Robo Magic Man said:
It's an interesting mod. I personally thought a lot of your changes were kind of harsh or counterproductive to the civilization that uses them, but they're based on historical fact. However, basing things on history isn't always the best idea. For example, the bad effects of state property are found only in communist governments that failed.
Thanks for the compliments.
Please tell me which communist government did not fail? Which State Property governments continue to run as (idealistically pure) State Property without any of the negative effects that I have included in my mod?
Communist (State Property) states that embrace capitalism (China, Vietnam, etc.) don't really count as
communist states anymore, don't you think? The "Communist Party" may run the country with an iron fist, but are they State Property if they allow Free Market reforms? I've never been to China, but what little I see and read makes it sound like they are very capitalist. Even North Korea has its "free trade zone."
State Property is not Free Market, is it? For example, an extremely simplistic shoehorn of modern-day China into CivIV's civics would perhaps be Free Market with Representation (but with only one party - would that be Despotism instead, or require Police State?). I would not classify it as State Property. Would you?
Robo Magic Man said:
However, it always seemed to me that civics were executed well by default, keeping only the errors of the civic and eliminating the errors that leaders who have used that civic in the past have made (I hope that makes sense the way it's worded).

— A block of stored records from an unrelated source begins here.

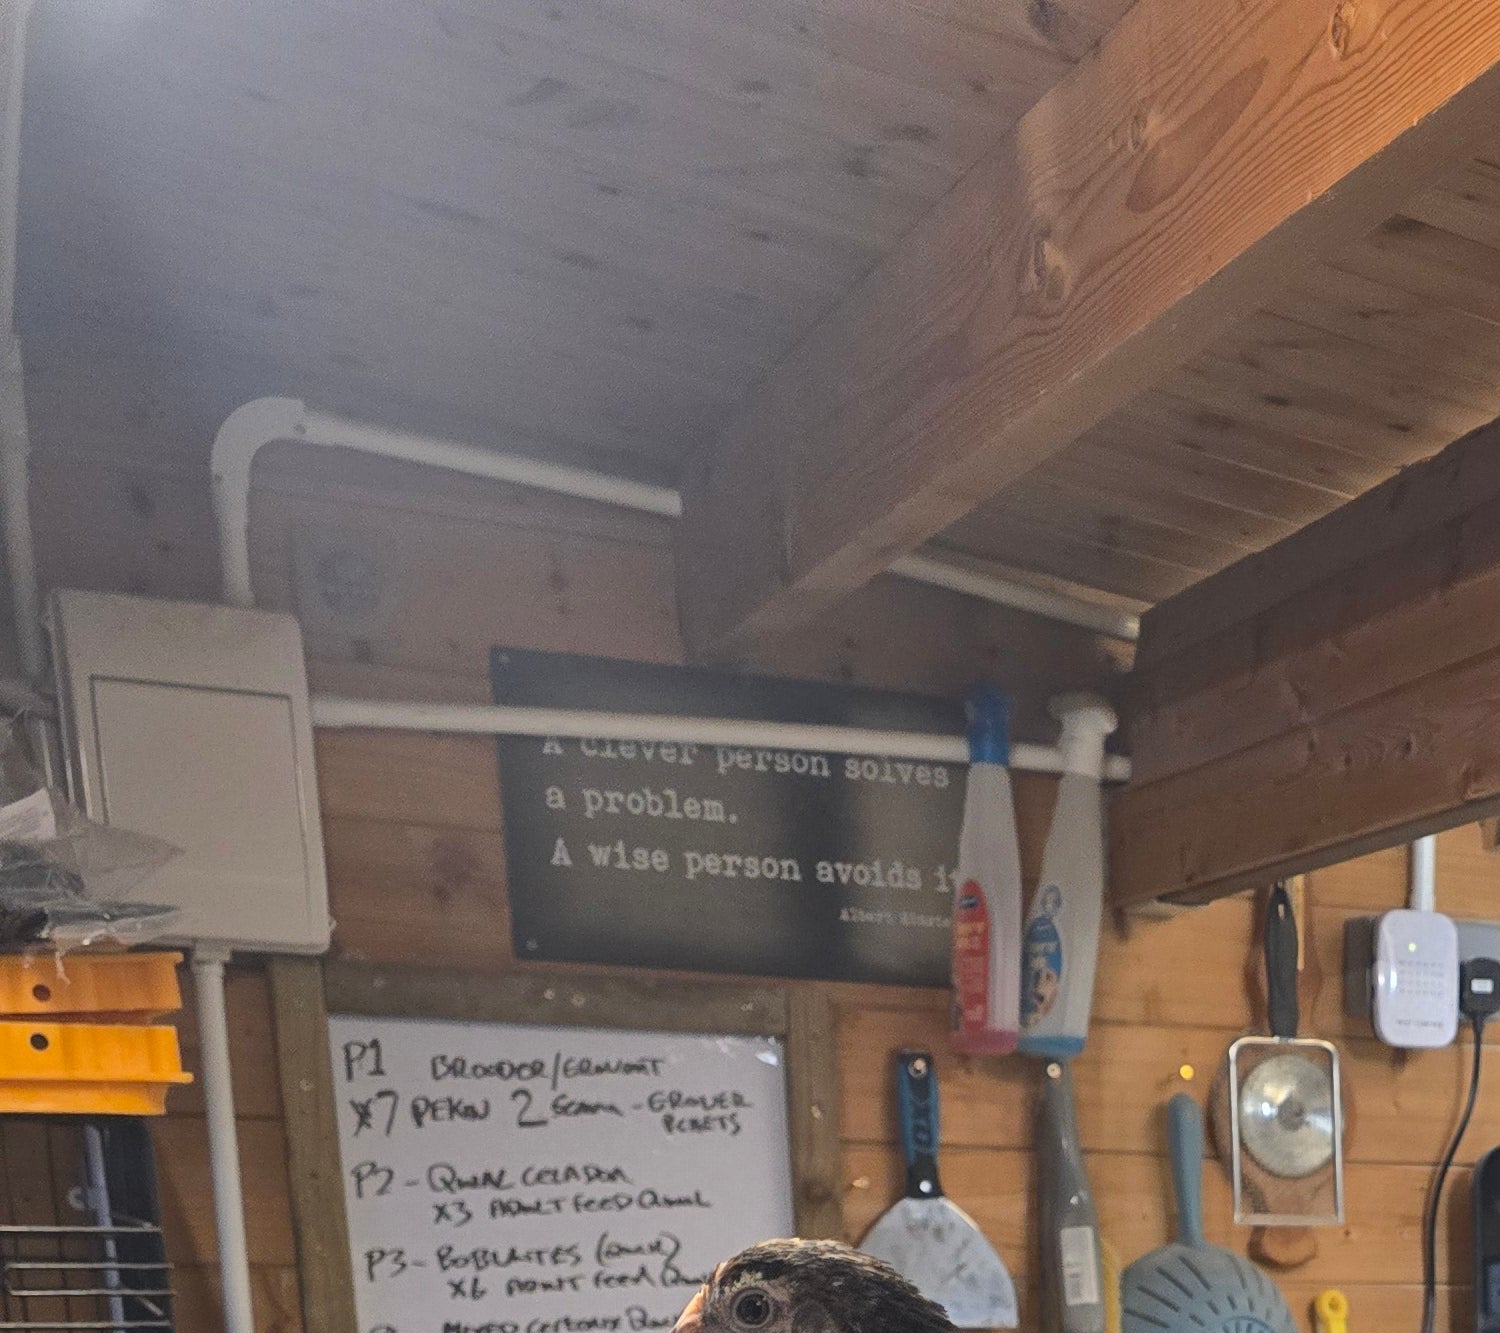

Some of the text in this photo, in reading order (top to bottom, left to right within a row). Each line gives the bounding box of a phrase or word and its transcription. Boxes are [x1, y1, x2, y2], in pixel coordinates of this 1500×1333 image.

[542, 736, 564, 755] A
[716, 748, 831, 777] person
[844, 757, 950, 788] solves
[545, 785, 739, 825] a problem.
[551, 837, 573, 868] A
[587, 839, 670, 873] wise
[683, 852, 803, 881] person
[815, 860, 922, 893] avoids
[343, 1038, 386, 1083] P1
[511, 1088, 549, 1128] 2
[351, 1160, 394, 1199] P2
[365, 1247, 407, 1283] P3
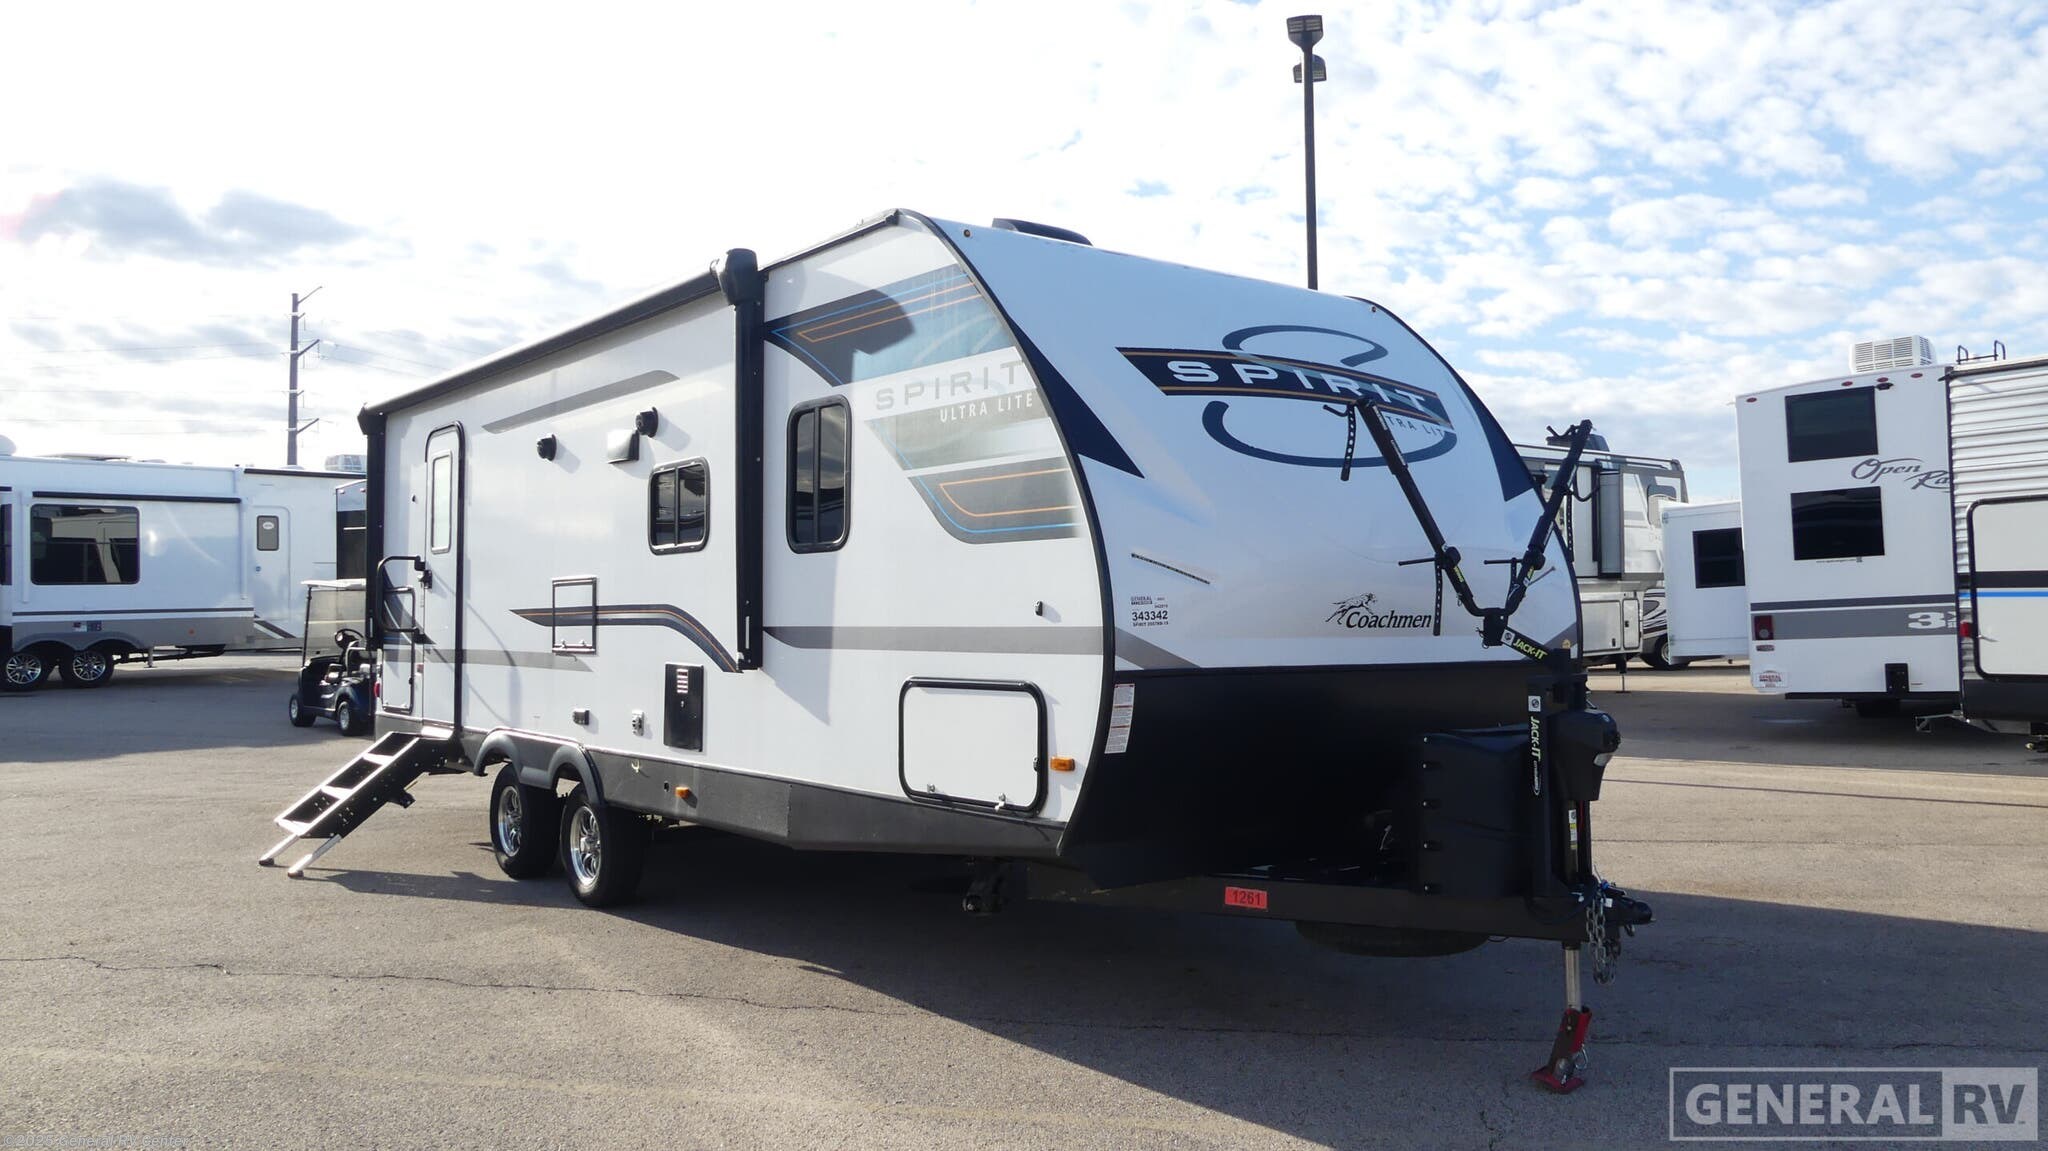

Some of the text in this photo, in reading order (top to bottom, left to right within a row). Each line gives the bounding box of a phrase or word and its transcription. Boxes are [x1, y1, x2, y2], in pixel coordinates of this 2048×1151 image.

That is fine, but as I stated before the whole point of this mod is to represent both the good and the bad, in order to make choosing a civic require weighing advantages vs. disadvantages. This is the focus of my mod. If you want me to remove that, then we are left with all idealistic utopian (and in my opinion, completely fantasy) civics. If that is what you like, then great, but that is not what this mod is about. I tried to include the errors that were generally made by historical leaders who used that civic, if those errors were common, because I view those errors as likely to occur with that civic.
Robo Magic Man said:
And, why doesn't your state property civic have hard currency? Every nation with state property has/had hard currency.
Wikipedia:
"In some economies,
especially planned economies or economies using a soft currency, there are special stores which only accept hard currency. Examples include Intershops in East Germany or Friendship stores in the People's Republic of China in the early 1990's. These stores offer a wider variety of goods, many of which are scarce or imported, than standard stores."
"For example,
during the Cold War, the ruble in the Soviet Union was not a hard currency because it could not be easily spent outside the Soviet Union and because the exchange rates were fixed at artificially high levels. After the fall of the Soviet Union in late 1991, the former Soviet Union's ruble was rapidly depreciating, while the purchasing power of the United States dollar was more stable, making it a harder currency than the ruble. A tourist could get 200 rubles for a dollar ($1 USD) in June 1992, and 500 rubles per USD in November. A worker getting paid 2000 rubles a month who planned to buy foreign merchandise would be better off exchanging rubles for dollars at the earlier rate than the later rate. 1000 rubles would buy $5 USD in June, and that $5 USD would be worth 2500 rubles in November."